→ EXERCISE BRIEF
Return the data below unaltered, but strip out the pictures.

→ DATA
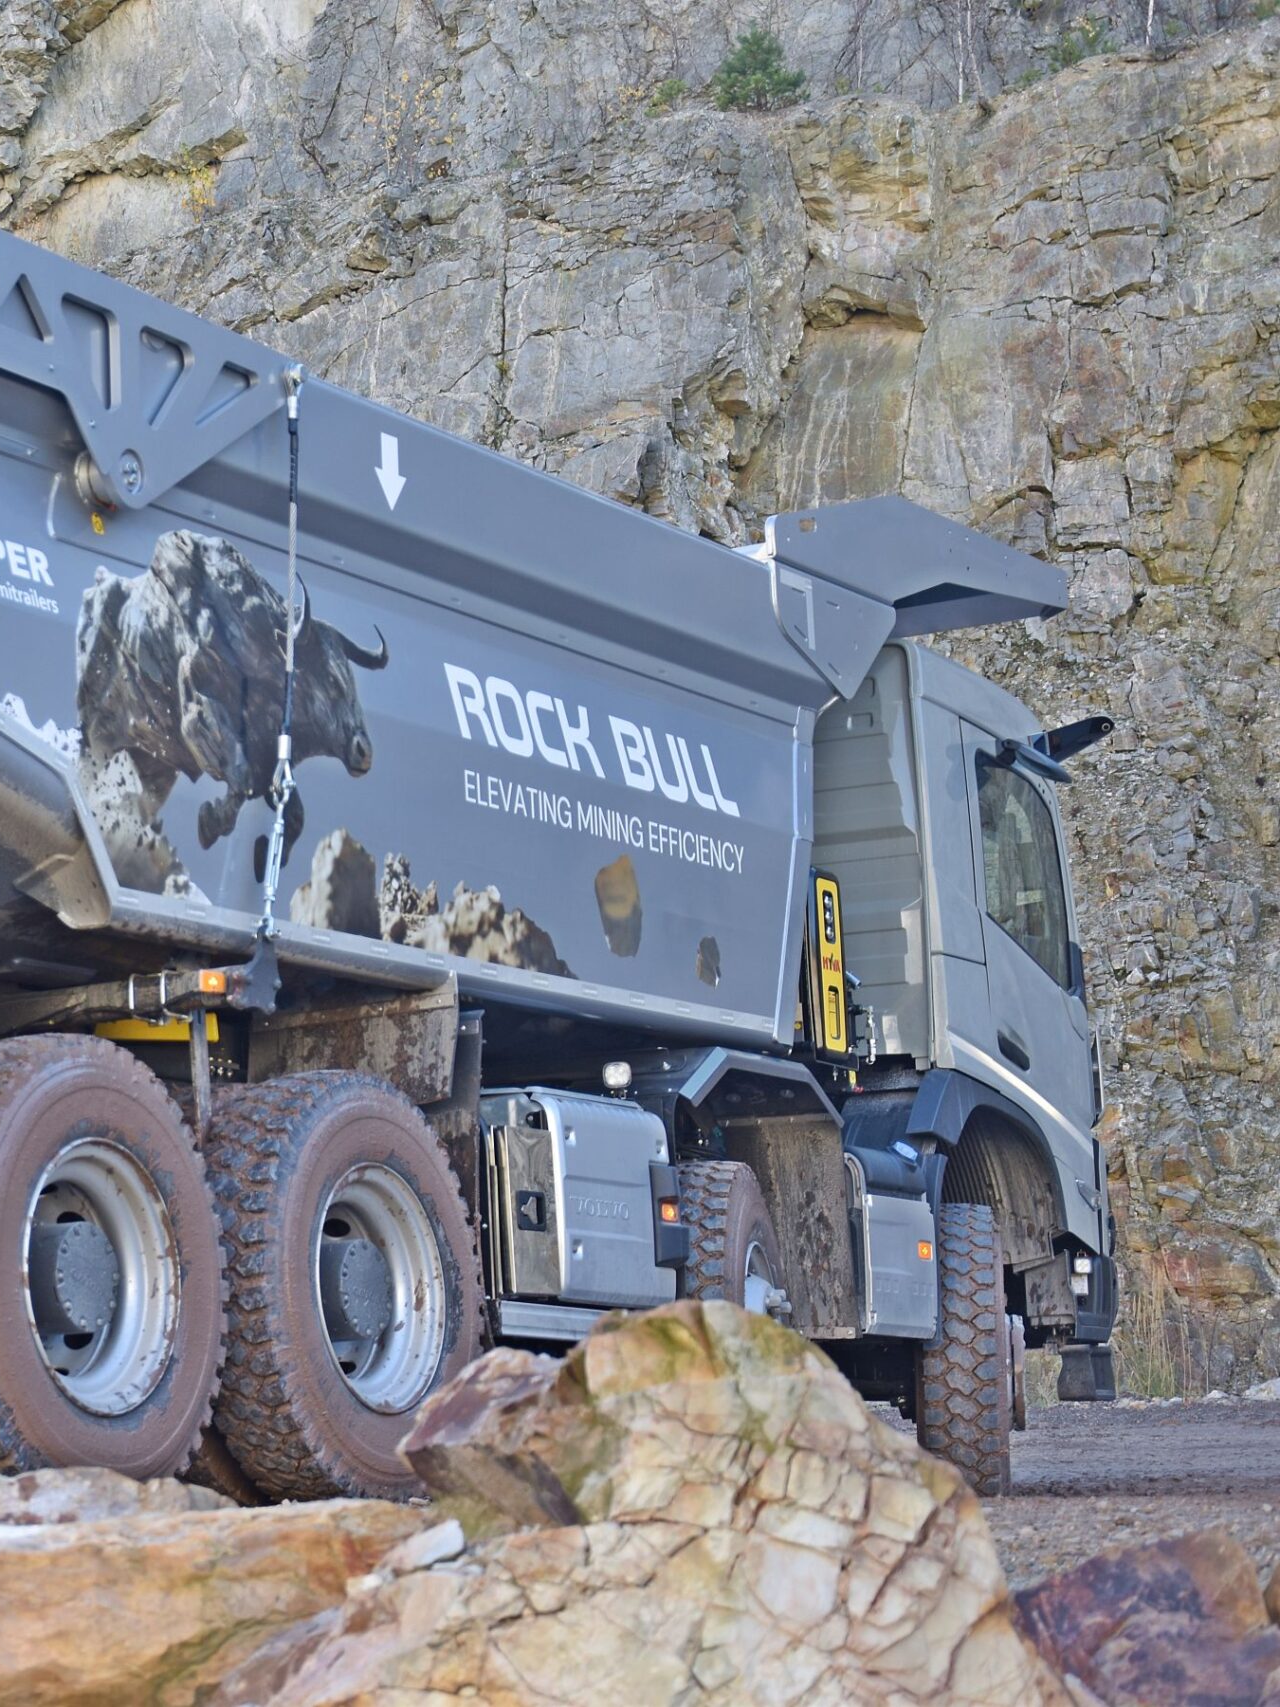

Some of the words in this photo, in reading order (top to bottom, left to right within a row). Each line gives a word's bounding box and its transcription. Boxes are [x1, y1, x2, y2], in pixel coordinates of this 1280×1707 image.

[443, 662, 606, 779] ROCK
[608, 715, 741, 818] BULL
[464, 769, 572, 829] ELEVATING
[577, 801, 644, 849] MINING
[648, 821, 744, 874] EFFICIENCY
[822, 953, 841, 974] HYVA
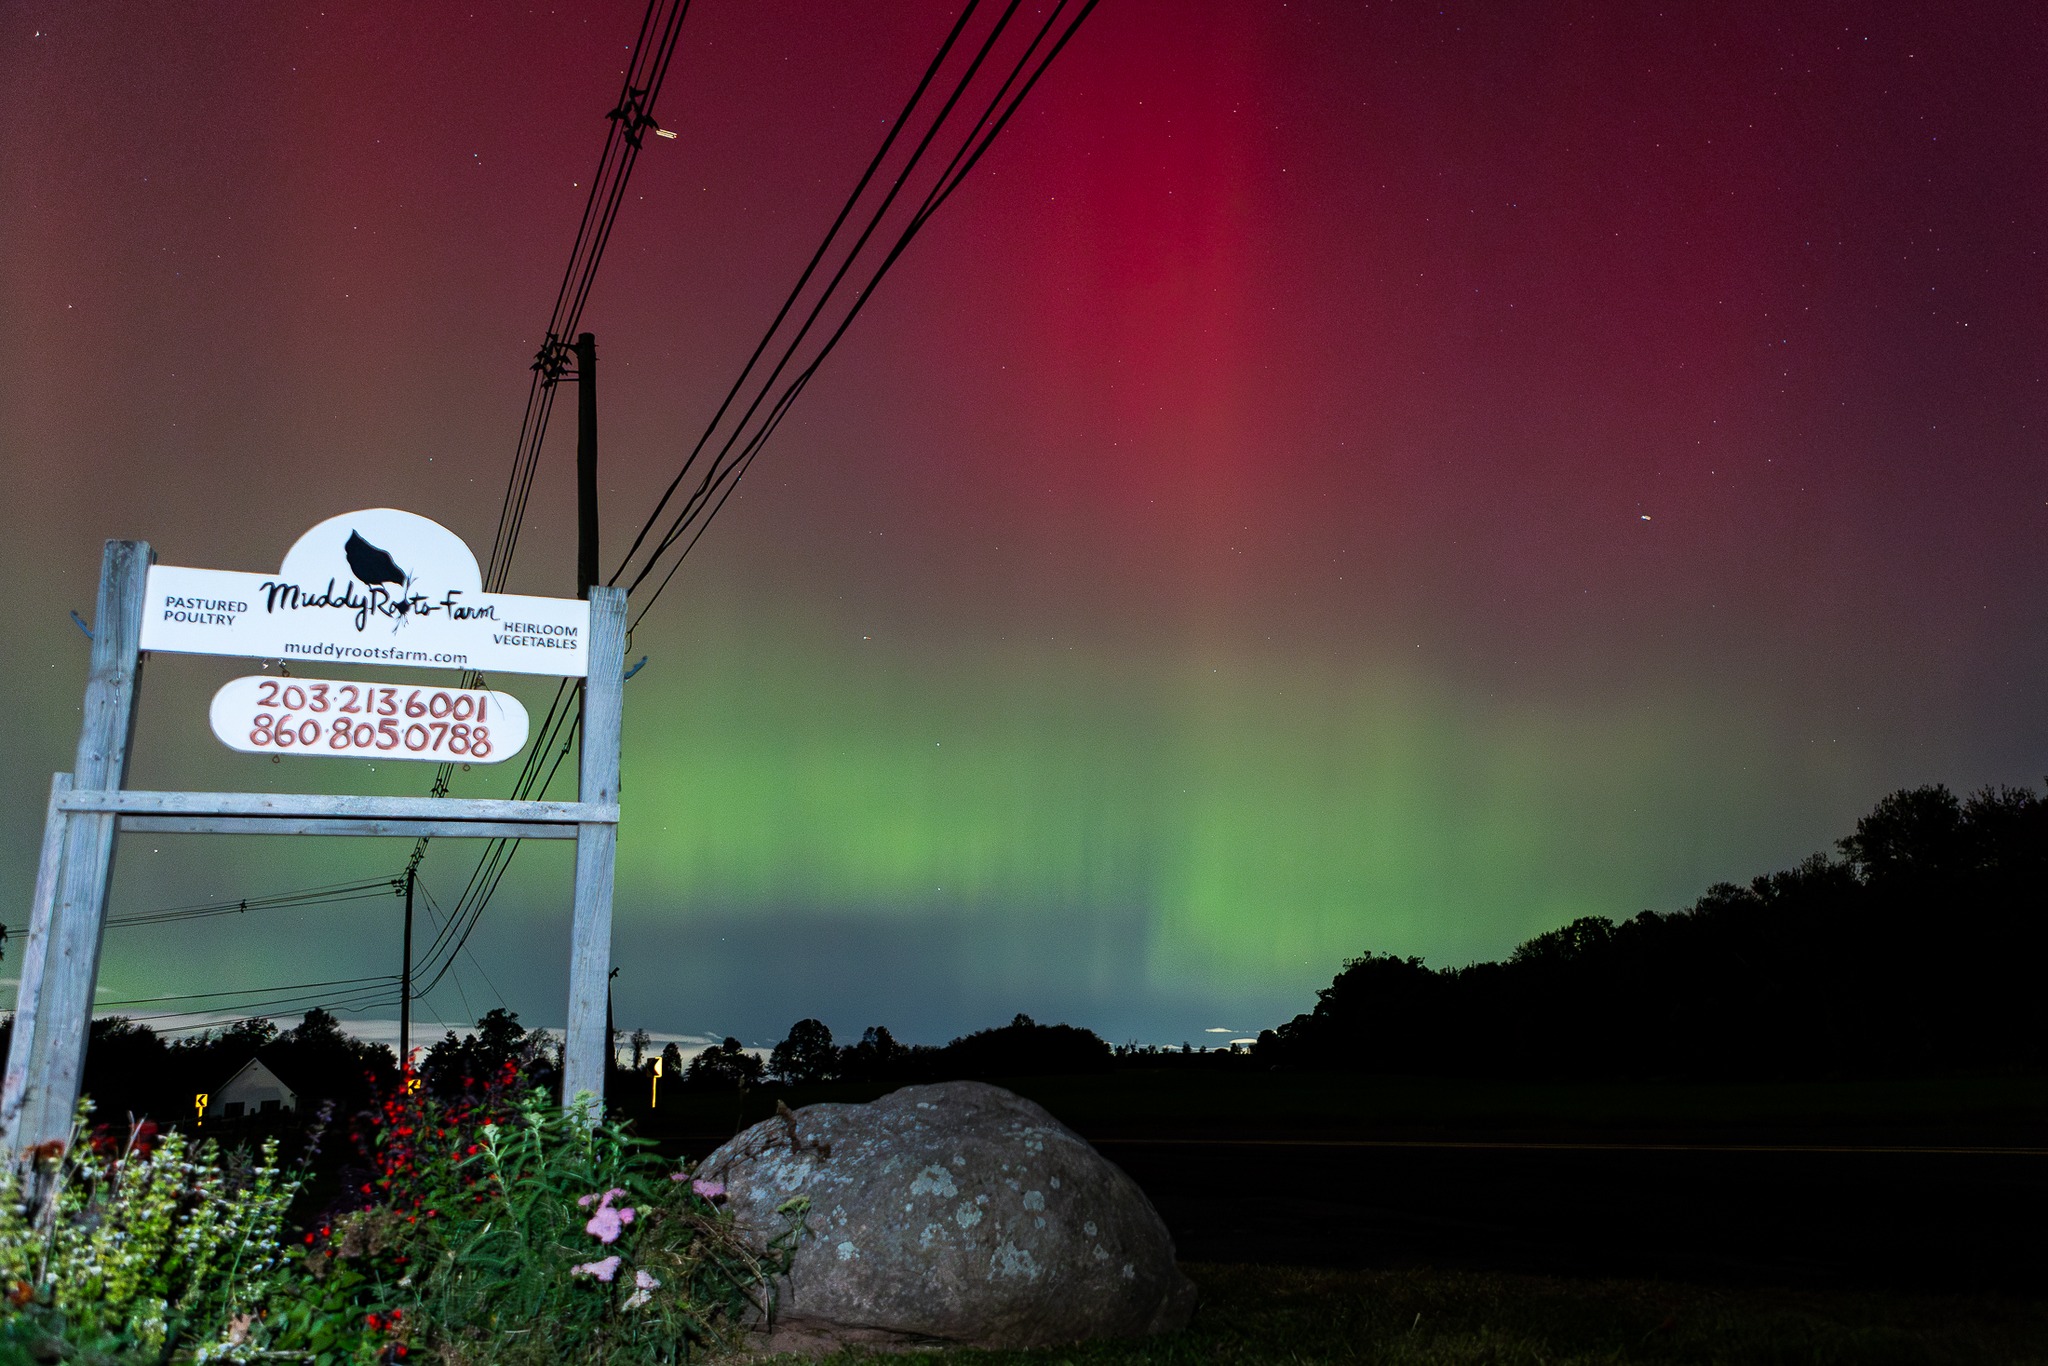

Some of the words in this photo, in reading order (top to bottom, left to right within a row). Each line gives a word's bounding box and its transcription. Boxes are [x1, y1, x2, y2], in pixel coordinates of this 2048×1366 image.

[166, 596, 248, 613] PASTURED
[259, 577, 368, 632] Muddy
[367, 587, 441, 619] Roots
[440, 590, 500, 621] Farm
[164, 610, 236, 626] POULTRY
[504, 621, 578, 637] HEIRLOOM
[493, 634, 578, 650] VEGETABLES
[285, 642, 468, 664] muddyrootsfarm.com

→ EXPECTED OUTPUT
Some of the words in this photo, in reading order (top to bottom, left to right within a row). Each line gives a word's bounding box and its transcription. Boxes are [x1, y1, x2, y2], in pixel coordinates of this 1280×1707 image.

[443, 662, 606, 779] ROCK
[608, 715, 741, 818] BULL
[464, 769, 572, 829] ELEVATING
[577, 801, 644, 849] MINING
[648, 821, 744, 874] EFFICIENCY
[822, 953, 841, 974] HYVA

Some of the words in this photo, in reading order (top to bottom, left to right within a row). Each line gives a word's bounding box and its transcription. Boxes are [x1, y1, x2, y2], in pixel coordinates of this 2048×1366 image.

[166, 596, 248, 613] PASTURED
[259, 577, 368, 632] Muddy
[367, 587, 441, 619] Roots
[440, 590, 500, 621] Farm
[164, 610, 236, 626] POULTRY
[504, 621, 578, 637] HEIRLOOM
[493, 634, 578, 650] VEGETABLES
[285, 642, 468, 664] muddyrootsfarm.com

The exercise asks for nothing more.